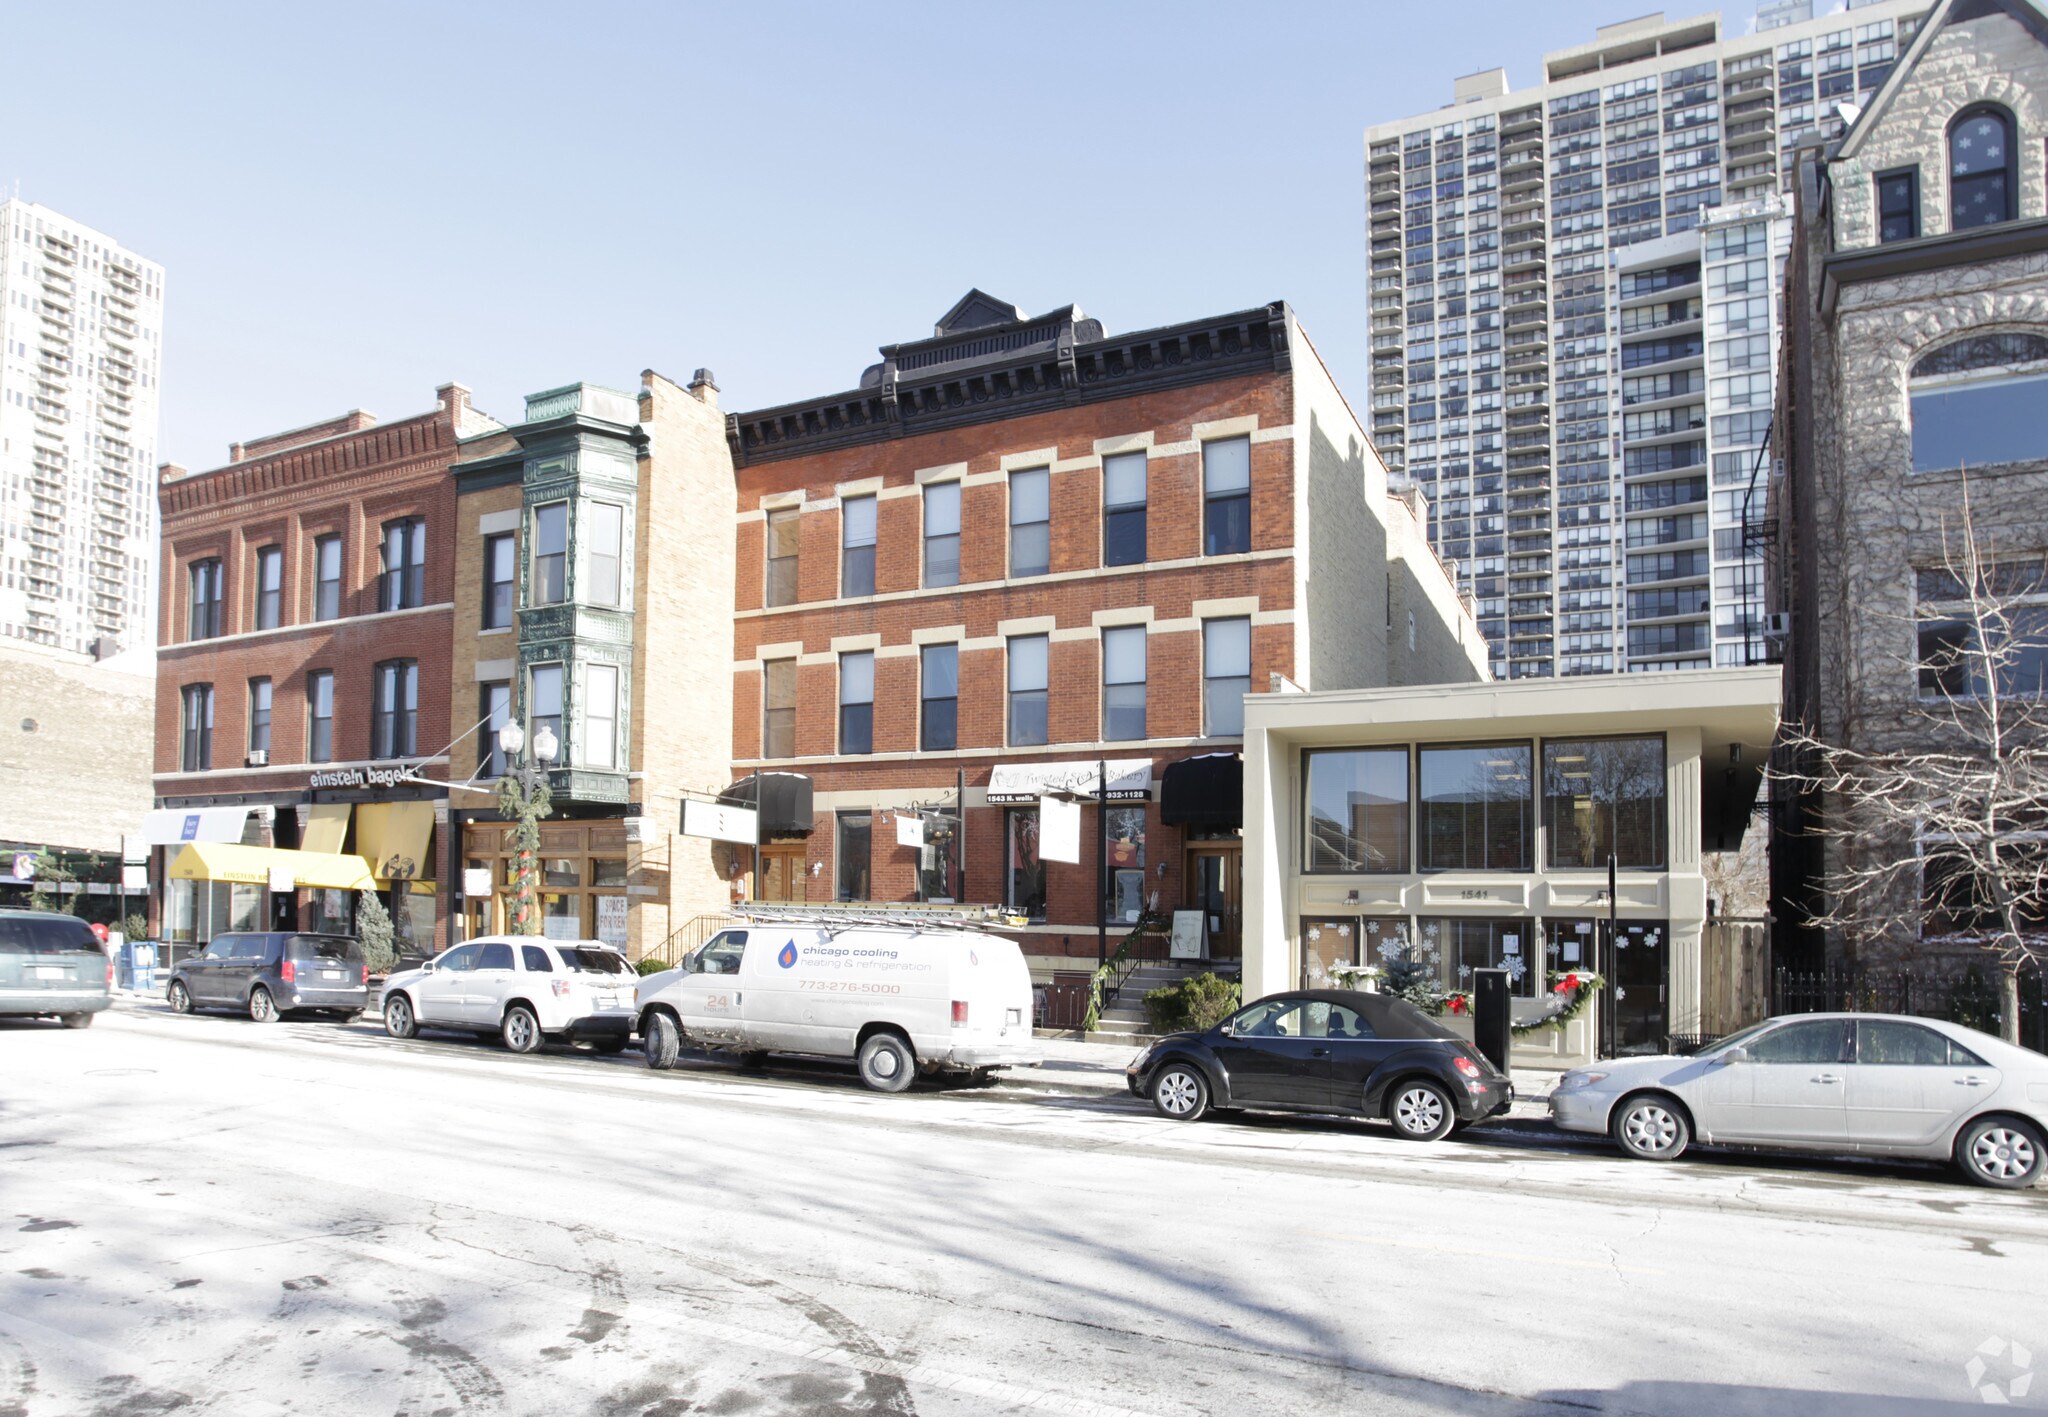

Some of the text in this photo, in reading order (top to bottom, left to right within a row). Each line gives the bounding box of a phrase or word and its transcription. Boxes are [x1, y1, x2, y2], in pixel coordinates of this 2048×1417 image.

[1024, 772, 1067, 785] Twisted
[1106, 769, 1148, 783] Bakery
[1089, 791, 1145, 799] 31-932-1128
[1461, 890, 1488, 900] 1541
[605, 899, 625, 913] SPACE
[600, 915, 612, 929] FOR
[803, 947, 899, 960] chicago cooling
[800, 958, 932, 972] heating & refrigeration
[799, 980, 901, 994] 773-276-5000
[707, 995, 728, 1007] 24
[703, 1005, 729, 1013] hours
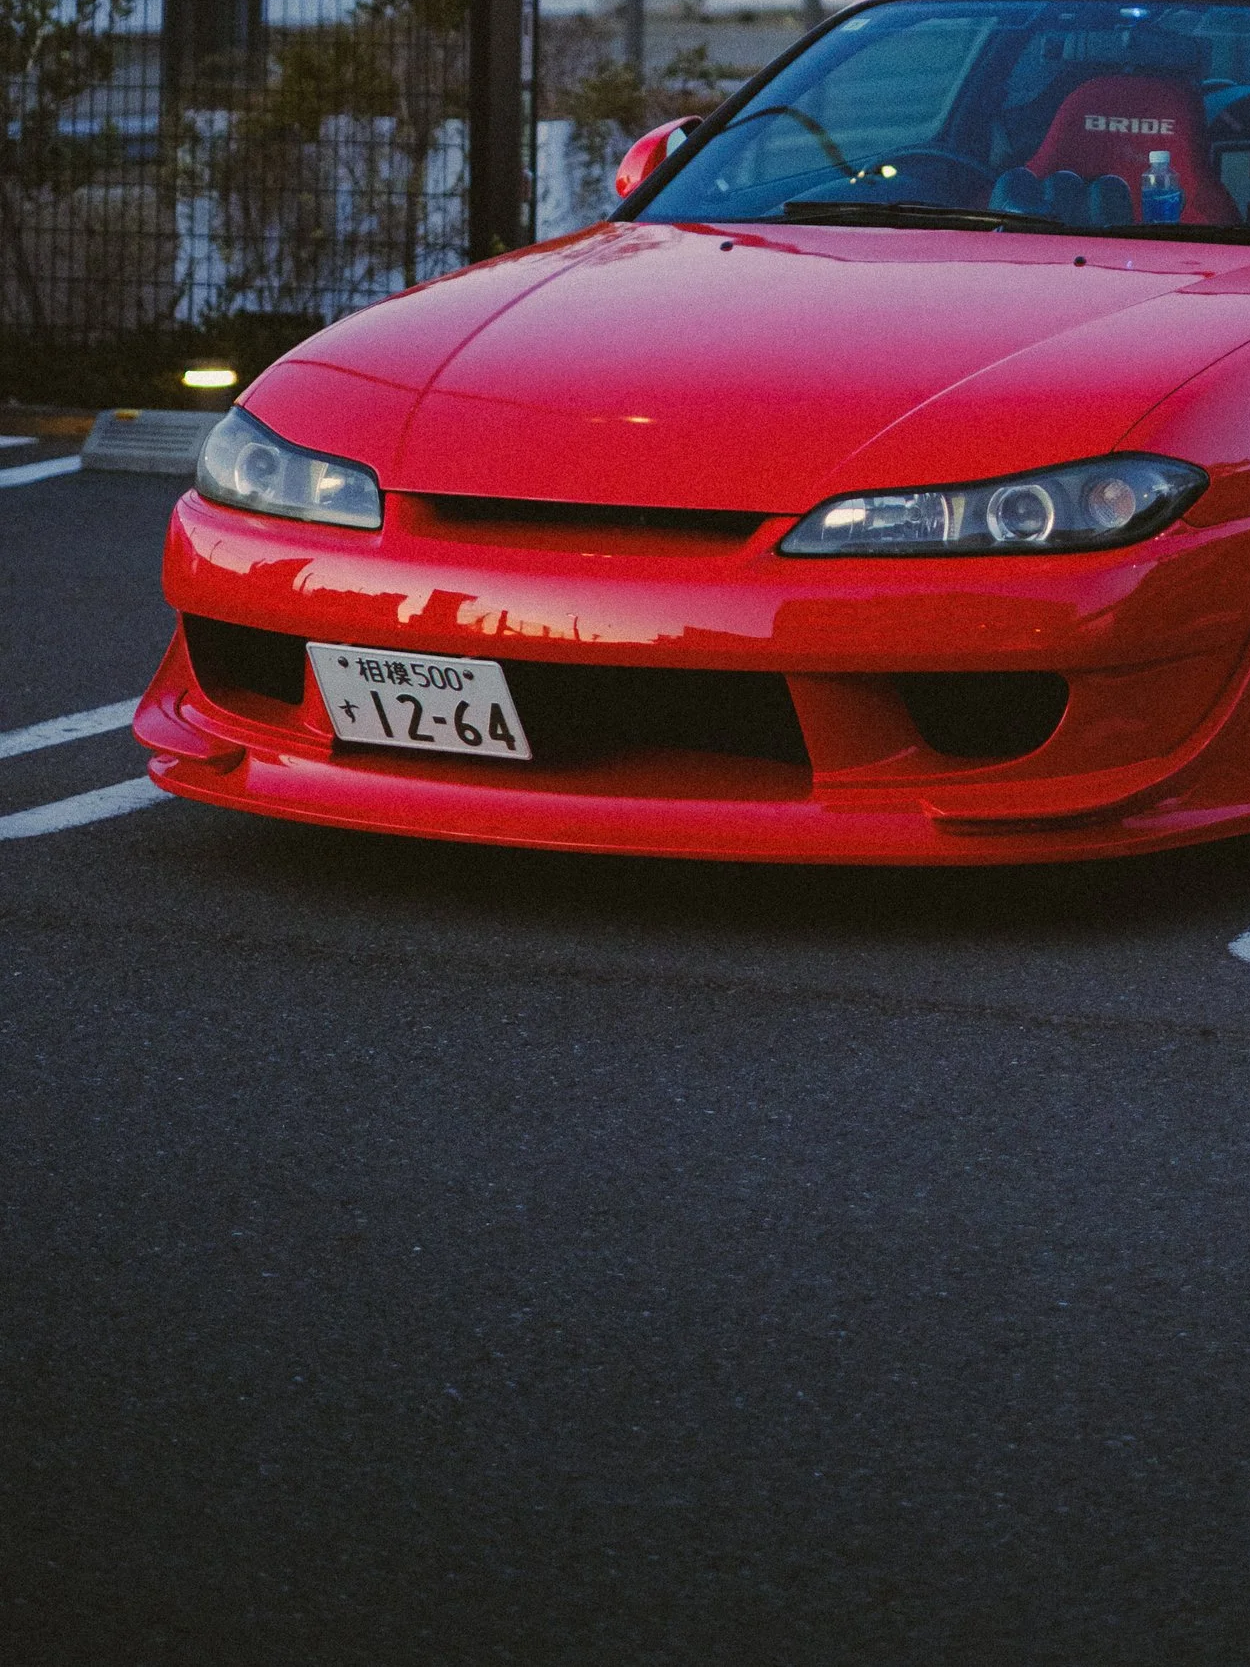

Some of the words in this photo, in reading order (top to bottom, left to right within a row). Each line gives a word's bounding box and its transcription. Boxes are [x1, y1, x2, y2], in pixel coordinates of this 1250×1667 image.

[1084, 115, 1175, 134] BRIDE
[338, 698, 360, 724] す
[370, 690, 517, 751] 12-64
☆ ☆ ☆ ☆ ☆
(Goal of the exercise)
Images are to be left out; everything else in the material must be written out exactly.

(Exercise response)
Some of the text in this photo, in reading order (top to bottom, left to right within a row). Each line gives the bounding box of a phrase or word and its transcription. Boxes are [x1, y1, x2, y2], in pixel coordinates of this 2048×1417 image.

[1024, 772, 1067, 785] Twisted
[1106, 769, 1148, 783] Bakery
[1089, 791, 1145, 799] 31-932-1128
[1461, 890, 1488, 900] 1541
[605, 899, 625, 913] SPACE
[600, 915, 612, 929] FOR
[803, 947, 899, 960] chicago cooling
[800, 958, 932, 972] heating & refrigeration
[799, 980, 901, 994] 773-276-5000
[707, 995, 728, 1007] 24
[703, 1005, 729, 1013] hours

Some of the words in this photo, in reading order (top to bottom, left to right within a row). Each line gives a word's bounding box and its transcription. Boxes are [x1, y1, x2, y2], in pixel coordinates of this 1250×1667 image.

[1084, 115, 1175, 134] BRIDE
[338, 698, 360, 724] す
[370, 690, 517, 751] 12-64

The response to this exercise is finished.